Every record that follows must be given again exactly.

Dataset entries:
========================
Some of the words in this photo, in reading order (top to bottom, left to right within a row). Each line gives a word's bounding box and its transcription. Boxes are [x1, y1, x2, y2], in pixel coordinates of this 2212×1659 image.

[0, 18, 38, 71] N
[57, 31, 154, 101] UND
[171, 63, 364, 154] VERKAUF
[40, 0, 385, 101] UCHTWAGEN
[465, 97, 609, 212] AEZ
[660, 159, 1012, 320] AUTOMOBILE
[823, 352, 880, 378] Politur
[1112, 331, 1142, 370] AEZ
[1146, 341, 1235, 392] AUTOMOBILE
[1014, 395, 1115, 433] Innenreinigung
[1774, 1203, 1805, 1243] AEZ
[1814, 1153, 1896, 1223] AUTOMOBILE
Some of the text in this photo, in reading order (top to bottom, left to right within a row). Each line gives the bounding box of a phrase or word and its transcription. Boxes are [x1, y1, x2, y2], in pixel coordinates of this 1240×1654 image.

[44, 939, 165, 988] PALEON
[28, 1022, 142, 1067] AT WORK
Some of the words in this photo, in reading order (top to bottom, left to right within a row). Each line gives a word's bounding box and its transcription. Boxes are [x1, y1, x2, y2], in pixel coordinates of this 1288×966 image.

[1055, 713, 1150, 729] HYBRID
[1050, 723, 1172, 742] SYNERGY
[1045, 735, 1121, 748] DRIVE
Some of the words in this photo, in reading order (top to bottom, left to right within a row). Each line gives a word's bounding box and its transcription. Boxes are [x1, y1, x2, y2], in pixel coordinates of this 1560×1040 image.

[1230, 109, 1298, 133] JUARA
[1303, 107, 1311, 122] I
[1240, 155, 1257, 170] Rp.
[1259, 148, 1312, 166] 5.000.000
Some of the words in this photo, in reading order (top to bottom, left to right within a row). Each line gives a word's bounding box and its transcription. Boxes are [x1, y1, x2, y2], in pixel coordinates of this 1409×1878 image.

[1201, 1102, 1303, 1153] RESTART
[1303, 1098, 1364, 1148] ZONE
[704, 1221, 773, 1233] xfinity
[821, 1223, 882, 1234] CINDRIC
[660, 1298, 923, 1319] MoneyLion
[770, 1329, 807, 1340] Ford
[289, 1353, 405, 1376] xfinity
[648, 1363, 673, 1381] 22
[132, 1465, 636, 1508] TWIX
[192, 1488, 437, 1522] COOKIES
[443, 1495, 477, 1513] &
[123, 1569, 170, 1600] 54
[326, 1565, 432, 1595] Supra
========================
Your response:
Some of the words in this photo, in reading order (top to bottom, left to right within a row). Each line gives a word's bounding box and its transcription. Boxes are [x1, y1, x2, y2], in pixel coordinates of this 2212×1659 image.

[0, 18, 38, 71] N
[57, 31, 154, 101] UND
[171, 63, 364, 154] VERKAUF
[40, 0, 385, 101] UCHTWAGEN
[465, 97, 609, 212] AEZ
[660, 159, 1012, 320] AUTOMOBILE
[823, 352, 880, 378] Politur
[1112, 331, 1142, 370] AEZ
[1146, 341, 1235, 392] AUTOMOBILE
[1014, 395, 1115, 433] Innenreinigung
[1774, 1203, 1805, 1243] AEZ
[1814, 1153, 1896, 1223] AUTOMOBILE
Some of the text in this photo, in reading order (top to bottom, left to right within a row). Each line gives the bounding box of a phrase or word and its transcription. Boxes are [x1, y1, x2, y2], in pixel coordinates of this 1240×1654 image.

[44, 939, 165, 988] PALEON
[28, 1022, 142, 1067] AT WORK
Some of the words in this photo, in reading order (top to bottom, left to right within a row). Each line gives a word's bounding box and its transcription. Boxes are [x1, y1, x2, y2], in pixel coordinates of this 1288×966 image.

[1055, 713, 1150, 729] HYBRID
[1050, 723, 1172, 742] SYNERGY
[1045, 735, 1121, 748] DRIVE
Some of the words in this photo, in reading order (top to bottom, left to right within a row). Each line gives a word's bounding box and its transcription. Boxes are [x1, y1, x2, y2], in pixel coordinates of this 1560×1040 image.

[1230, 109, 1298, 133] JUARA
[1303, 107, 1311, 122] I
[1240, 155, 1257, 170] Rp.
[1259, 148, 1312, 166] 5.000.000
Some of the words in this photo, in reading order (top to bottom, left to right within a row). Each line gives a word's bounding box and its transcription. Boxes are [x1, y1, x2, y2], in pixel coordinates of this 1409×1878 image.

[1201, 1102, 1303, 1153] RESTART
[1303, 1098, 1364, 1148] ZONE
[704, 1221, 773, 1233] xfinity
[821, 1223, 882, 1234] CINDRIC
[660, 1298, 923, 1319] MoneyLion
[770, 1329, 807, 1340] Ford
[289, 1353, 405, 1376] xfinity
[648, 1363, 673, 1381] 22
[132, 1465, 636, 1508] TWIX
[192, 1488, 437, 1522] COOKIES
[443, 1495, 477, 1513] &
[123, 1569, 170, 1600] 54
[326, 1565, 432, 1595] Supra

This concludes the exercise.